В 1875 году Теодор Моммзен, высоколиберальный учёный, благородный репрезентант немецкой духовности, будучи ректором Берлинского университета, на праздновании годовщины его основания держал речь, в которой были такие слова: «Мы знаем также, что всякий немецкий государственный деятель, и прежде всего кайзер, разделяет это желание – быть избавленным от дальнейших побед. И, конечно же, чем больше его влияние, чем глубже понимание происходящего, тем больше он разделяет это желание, тем энергичнее стремится подавлять любое, пусть и справедливое чувство обиды, избегать любого, пусть даже кажущегося злоупотребления новообретённой позицией силы, а в целом способствовать установлению длительного мира почти любыми средствами, кроме уступок прав и чести нации. <…> Если такая нация, как наша, подвергает военной опасности высокообразованную часть своей молодёжи в той же, а, учитывая численность офицерского корпуса, в ещё большей степени, нежели менее образованную, если в любой войне она неминуемо предаёт земле часть лучших своих представителей, то в неслыханных масштабах жертвы содержится предостережение против любых военных игр, которое непременно услышит любой немецкий государственный деятель, и прежде всего любой немецкий правитель. Войны, подобные тем, что последний французский император столь резво вёл в дальних странах, затем против нас, и часто столь же резво их прекращал, в условиях нашего государственного строя формально хоть и правомерны, но в действительности невозможны. <…> При Гогенцоллернах случилось так (с тяжелейшими последствиями для нации), что, когда это было необходимо, никто не воевал; без надобности не воевал и не может воевать ни один Гогенцоллерн».

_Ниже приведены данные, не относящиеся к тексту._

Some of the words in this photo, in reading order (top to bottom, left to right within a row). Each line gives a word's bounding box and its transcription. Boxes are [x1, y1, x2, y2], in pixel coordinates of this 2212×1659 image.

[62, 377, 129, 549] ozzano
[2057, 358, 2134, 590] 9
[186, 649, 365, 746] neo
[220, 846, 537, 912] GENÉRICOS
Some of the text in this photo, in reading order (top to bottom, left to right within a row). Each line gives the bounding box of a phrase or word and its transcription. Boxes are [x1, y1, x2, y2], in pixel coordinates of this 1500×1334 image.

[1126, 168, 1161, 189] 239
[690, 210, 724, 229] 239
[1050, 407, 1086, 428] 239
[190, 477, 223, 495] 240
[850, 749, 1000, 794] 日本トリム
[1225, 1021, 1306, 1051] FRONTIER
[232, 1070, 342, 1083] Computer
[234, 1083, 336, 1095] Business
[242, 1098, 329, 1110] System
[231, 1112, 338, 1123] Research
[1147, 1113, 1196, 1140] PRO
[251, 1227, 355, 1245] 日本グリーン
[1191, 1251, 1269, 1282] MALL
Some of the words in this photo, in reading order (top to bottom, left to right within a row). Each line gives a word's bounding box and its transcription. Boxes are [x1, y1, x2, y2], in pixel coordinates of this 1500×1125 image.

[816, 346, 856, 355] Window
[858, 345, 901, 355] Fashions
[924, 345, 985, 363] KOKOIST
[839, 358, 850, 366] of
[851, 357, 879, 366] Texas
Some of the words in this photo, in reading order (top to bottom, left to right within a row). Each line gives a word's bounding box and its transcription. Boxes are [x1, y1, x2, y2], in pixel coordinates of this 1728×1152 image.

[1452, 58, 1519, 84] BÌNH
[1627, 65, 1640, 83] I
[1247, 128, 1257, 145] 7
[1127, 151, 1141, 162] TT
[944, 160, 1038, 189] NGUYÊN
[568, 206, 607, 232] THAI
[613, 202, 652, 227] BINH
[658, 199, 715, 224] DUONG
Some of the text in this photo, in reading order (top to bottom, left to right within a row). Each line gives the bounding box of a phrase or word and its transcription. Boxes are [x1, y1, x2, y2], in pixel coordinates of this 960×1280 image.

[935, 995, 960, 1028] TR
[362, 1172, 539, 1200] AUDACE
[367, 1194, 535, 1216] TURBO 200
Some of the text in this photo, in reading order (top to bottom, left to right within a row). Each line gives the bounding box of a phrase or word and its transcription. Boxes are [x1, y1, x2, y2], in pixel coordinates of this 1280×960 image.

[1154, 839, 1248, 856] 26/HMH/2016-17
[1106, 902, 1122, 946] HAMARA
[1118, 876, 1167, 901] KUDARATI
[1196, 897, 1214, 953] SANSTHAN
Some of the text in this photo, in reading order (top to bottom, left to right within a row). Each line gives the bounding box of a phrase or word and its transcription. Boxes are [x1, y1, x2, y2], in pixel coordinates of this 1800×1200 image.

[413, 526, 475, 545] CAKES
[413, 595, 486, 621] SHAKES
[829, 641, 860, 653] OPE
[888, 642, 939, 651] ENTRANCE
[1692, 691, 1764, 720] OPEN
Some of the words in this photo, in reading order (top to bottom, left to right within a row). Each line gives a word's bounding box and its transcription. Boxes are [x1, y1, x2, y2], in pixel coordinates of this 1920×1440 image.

Ну конечно, немецкие господа, вот же волкодавы. У вас есть чутьё на мелодику? Не хотите прямо сейчас послушать, как рычит парочка волкодавов? «Нашему народу, – писал генерал-квартирмейстер, а позже военный министр фон Штайн в начале 1915 года, – нашему народу быстрые и лёгкие победы не на пользу. Выявившиеся после успехов кампании 1870–71 годов пороки проступили бы ещё сильнее. За это время мощный подъём вызвал заметный крен в материальную сторону. Равновесие между духовными и материальными силами пока не установлено». О, рык презренного волкодава! В нём так и слышится ненасытное желание унижать нас поколениями. Но тихо, вот уже рычит второй. В минувшем году в газеты попало письмо, адресованное молодым Мольтке – без сомнения, господином – издателю одного журнала. «В том, что мы остро нуждаемся в обновлении духовной жизни, – говорилось в нём, – я был убеждён задолго до того, как эта война поместила наш народ на точнейшие весы мировой истории, и всей душой надеялся, что он окажется достойным той высокой задачи, которую поставило перед ним Провидение. Речь идёт о духовном оружии, только с его помощью можно овладеть будущим. В душе нашего народа бесконечно много идеального, стремящегося ввысь. Долгое время эти стремления были подавлены толстым покровом материальной жизни, но они выбились наружу, когда под воздействием войны внешние факторы бытия исчезли, уступив место идеальному порыву любви к отечеству, пронзившему все сердца. <…> До войны, разделённые на классы, расколотые на партии, мы едва ли себя понимали. Разрушим же преграды, воздвигнутые между нами эгоизмом отдельного существа, и приблизим человека к человеку. Важнее всего помочь душевному благородству одержать победу над духом делячества. <…> Мы скоро уйдём, но народу нашему предстоит вживаться в последующие столетия, и жить он должен вверх…»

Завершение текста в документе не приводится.